■ **WORK REQUEST**
The full set of lines below has to be duplicated exactly, with no picture kept.

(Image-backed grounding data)
-------

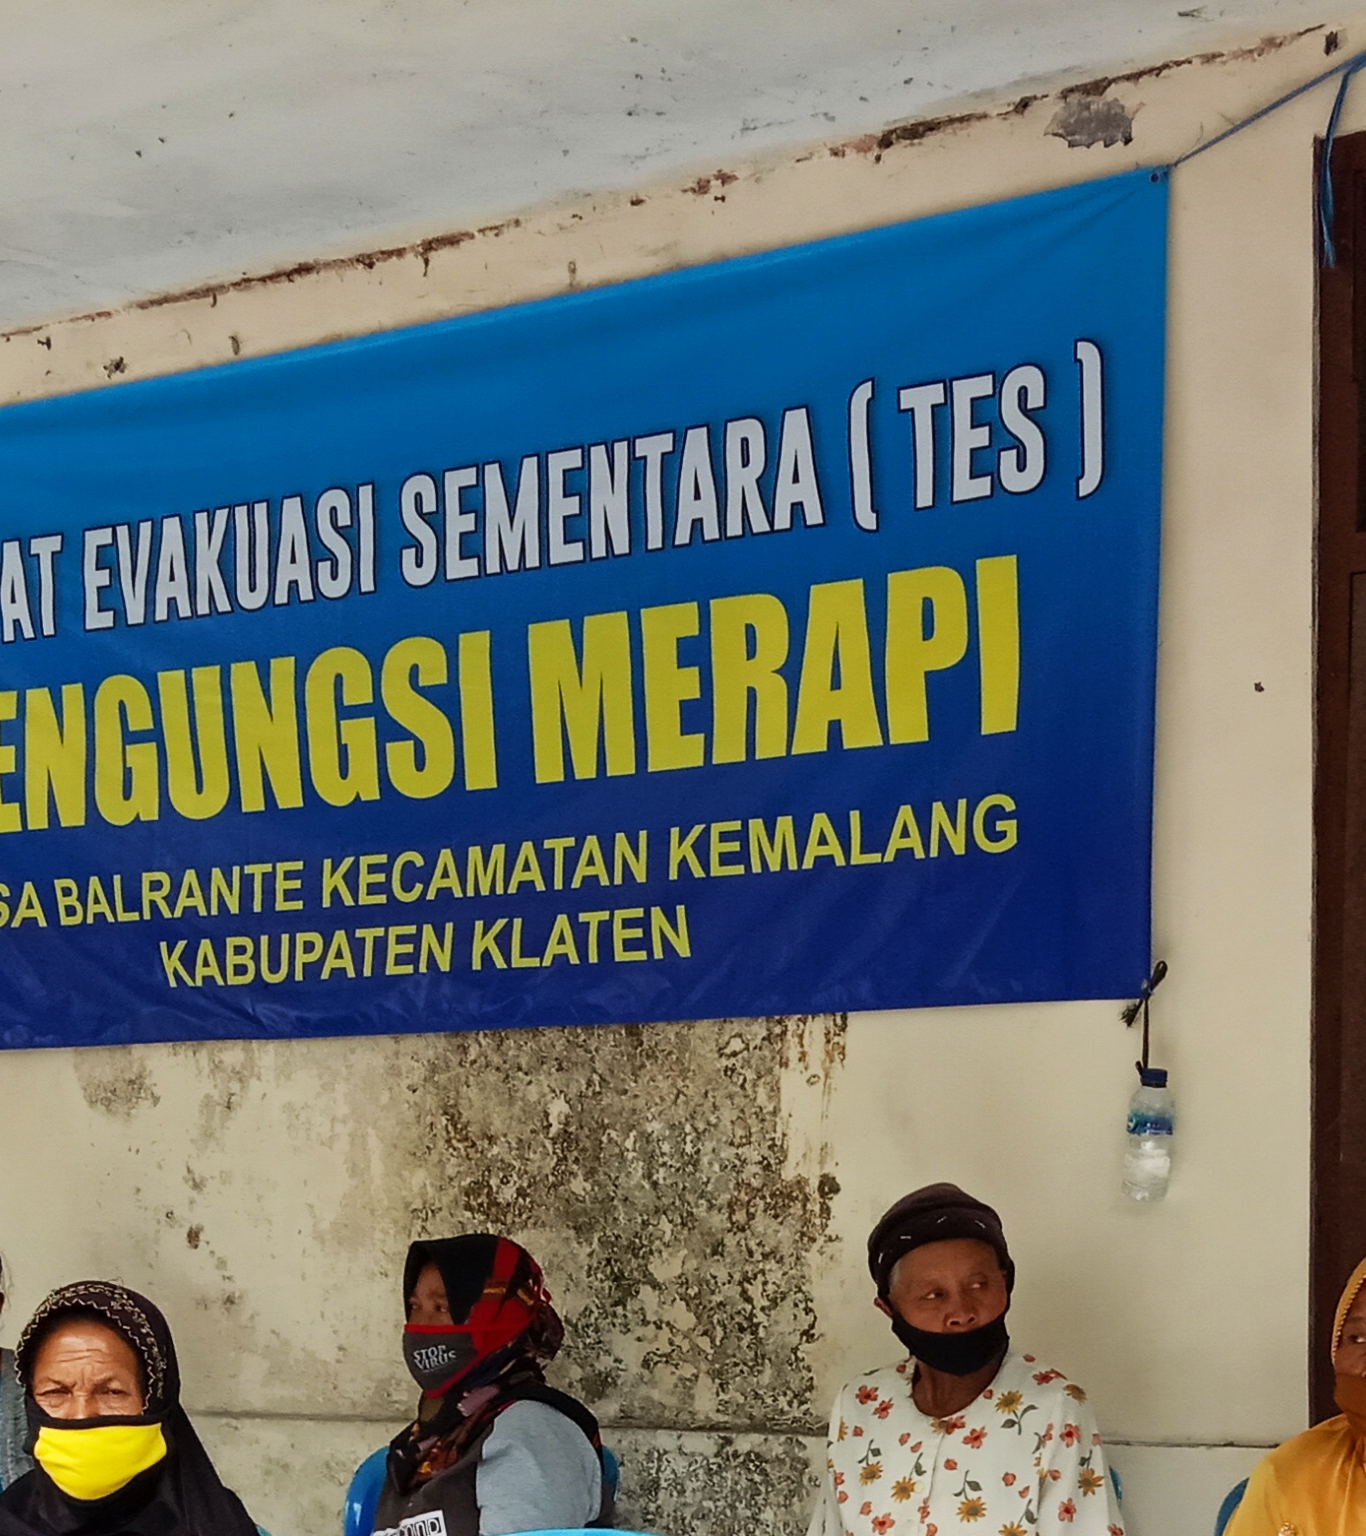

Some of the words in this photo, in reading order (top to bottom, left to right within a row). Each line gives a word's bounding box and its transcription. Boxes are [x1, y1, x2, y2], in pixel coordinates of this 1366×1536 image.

[81, 483, 376, 632] EVAKUASI
[398, 406, 825, 589] SEMENTARA
[897, 362, 1047, 511] TES
[527, 553, 1021, 785] MERAPI
[53, 860, 305, 927] BALRANTE
[321, 829, 648, 910] KECAMATAN
[668, 793, 1019, 881] KEMALANG
[159, 921, 455, 989] KABUPATEN
[471, 903, 692, 971] KLATEN
[413, 1344, 446, 1361] STOP
[414, 1350, 456, 1370] VIRUS
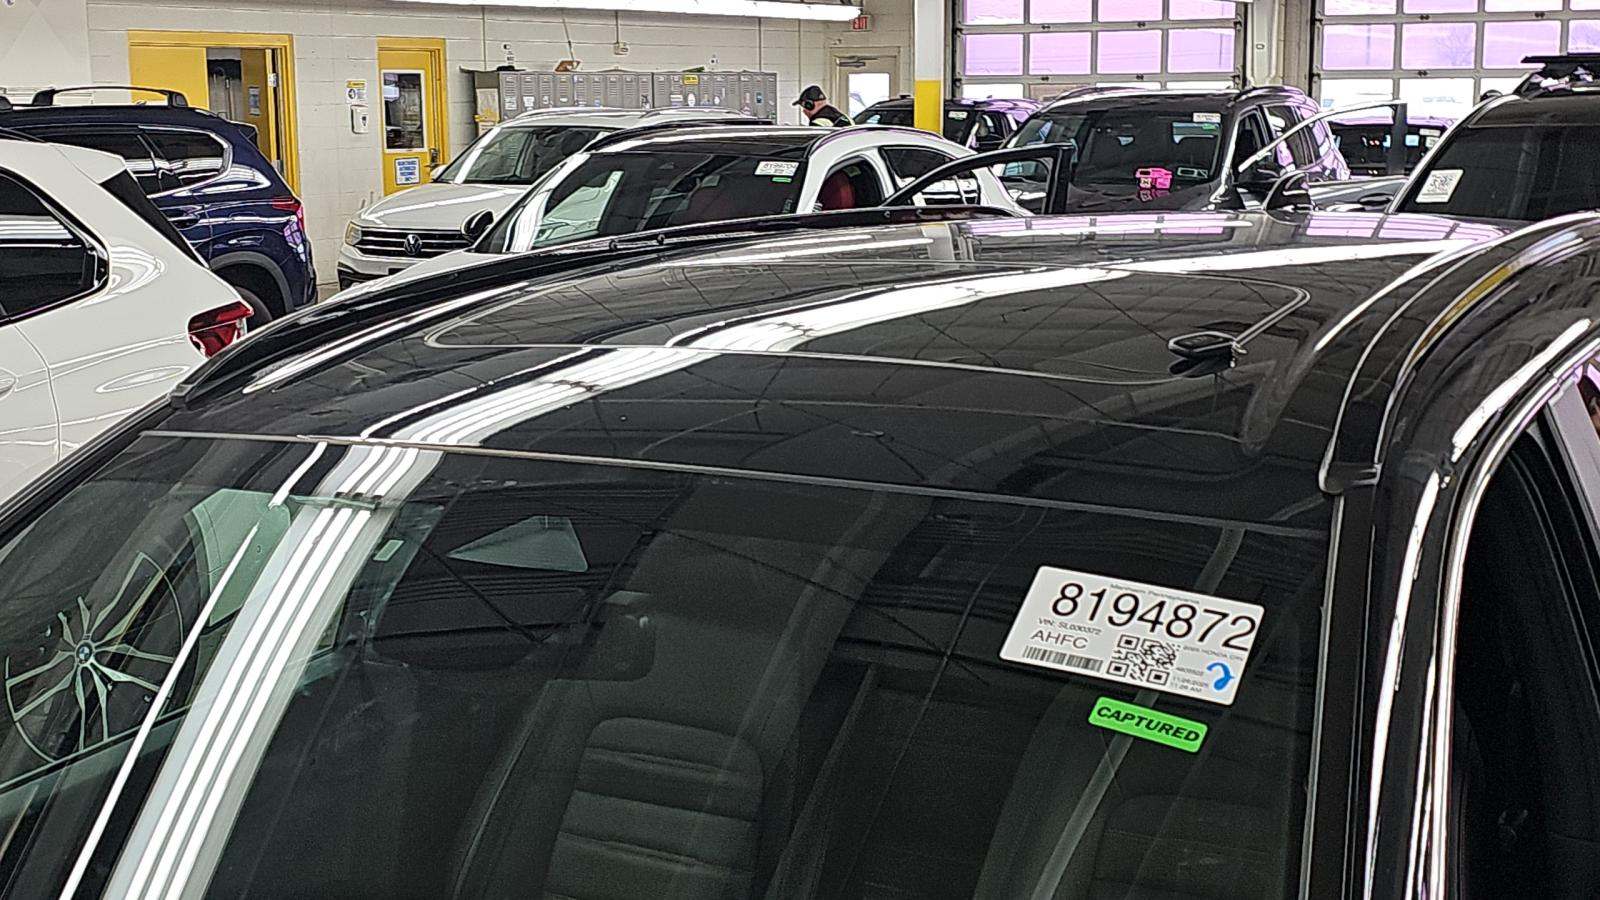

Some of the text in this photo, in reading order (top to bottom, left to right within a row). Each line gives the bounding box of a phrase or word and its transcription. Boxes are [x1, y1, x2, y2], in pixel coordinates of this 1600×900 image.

[1051, 582, 1257, 652] 8194872
[1030, 630, 1088, 649] AHFC
[1096, 706, 1200, 742] CAPTURED
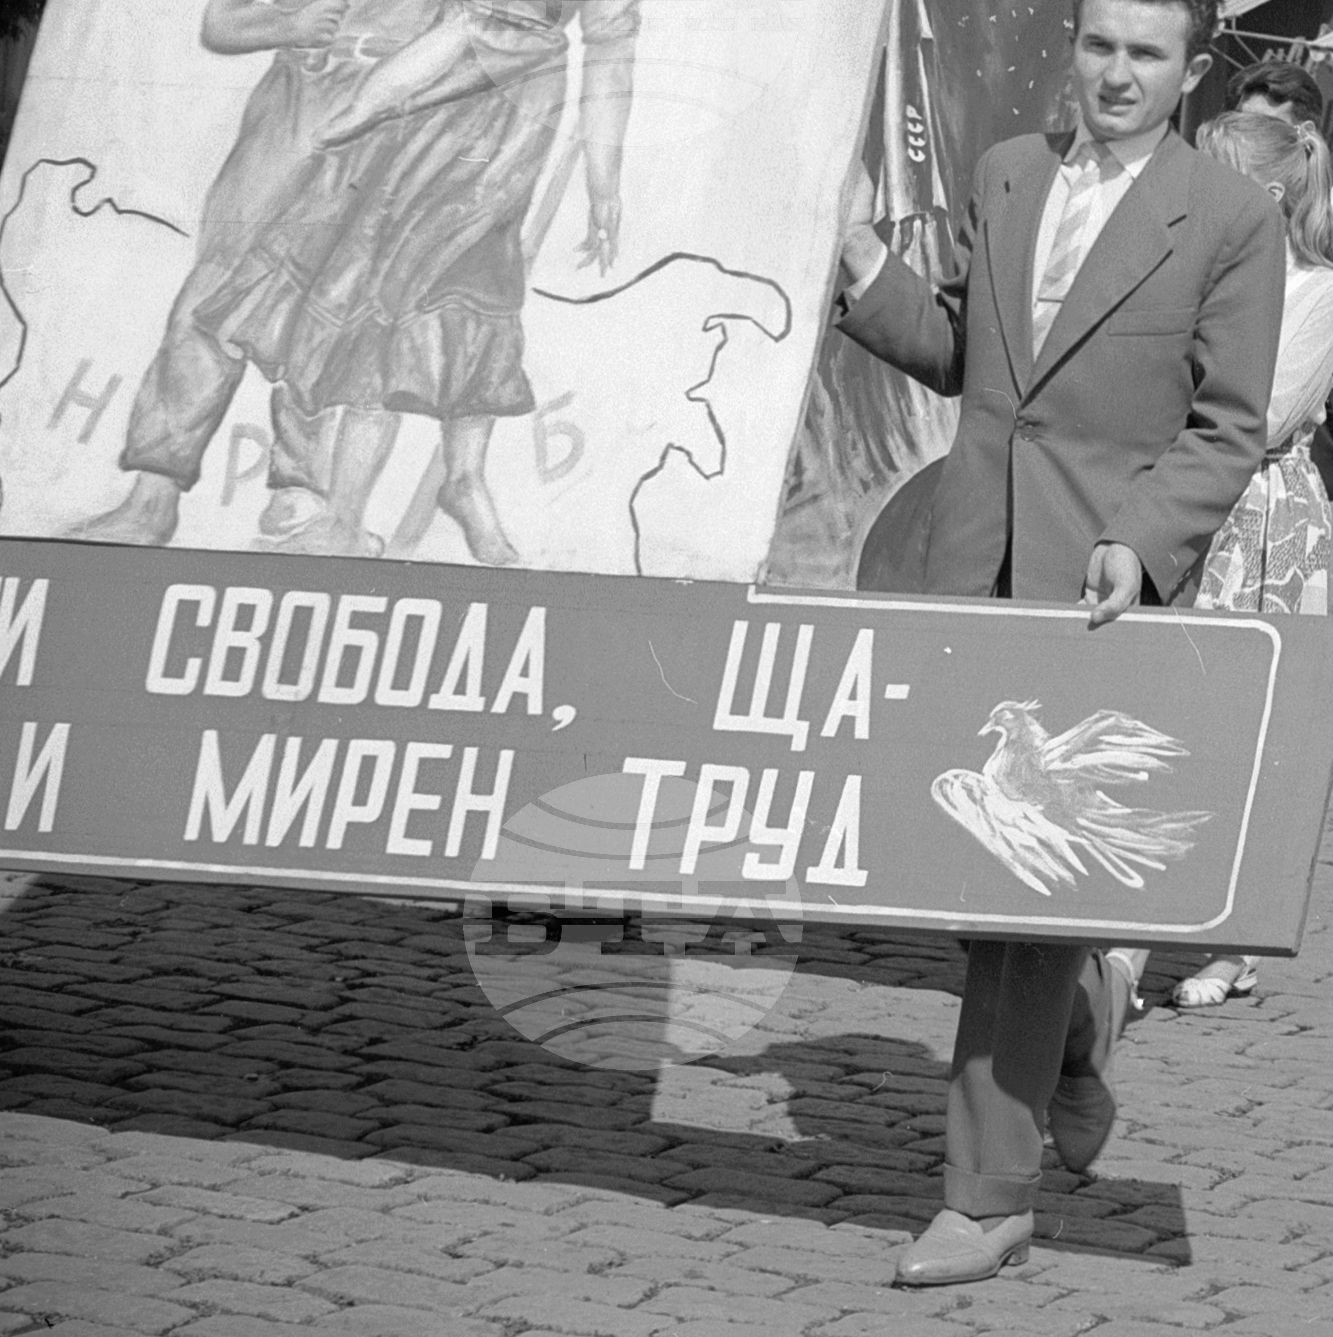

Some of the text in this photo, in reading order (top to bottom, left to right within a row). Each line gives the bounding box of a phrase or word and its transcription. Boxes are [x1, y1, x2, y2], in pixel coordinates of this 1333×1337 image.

-------

■ **OUTPUT OF THE EXERCISE**
Some of the words in this photo, in reading order (top to bottom, left to right within a row). Each line gives a word's bounding box and its transcription. Boxes are [x1, y1, x2, y2], in pixel coordinates of this 1366×1536 image.

[81, 483, 376, 632] EVAKUASI
[398, 406, 825, 589] SEMENTARA
[897, 362, 1047, 511] TES
[527, 553, 1021, 785] MERAPI
[53, 860, 305, 927] BALRANTE
[321, 829, 648, 910] KECAMATAN
[668, 793, 1019, 881] KEMALANG
[159, 921, 455, 989] KABUPATEN
[471, 903, 692, 971] KLATEN
[413, 1344, 446, 1361] STOP
[414, 1350, 456, 1370] VIRUS

Some of the text in this photo, in reading order (top to bottom, left to right within a row). Each line gives the bounding box of a phrase or word and its transcription. Boxes are [x1, y1, x2, y2], in pixel coordinates of this 1600×900 image.

[1051, 582, 1257, 652] 8194872
[1030, 630, 1088, 649] AHFC
[1096, 706, 1200, 742] CAPTURED

Some of the text in this photo, in reading order (top to bottom, left to right within a row). Each line gives the bounding box of a phrase or word and its transcription. Boxes are [x1, y1, x2, y2], in pixel coordinates of this 1333×1337 image.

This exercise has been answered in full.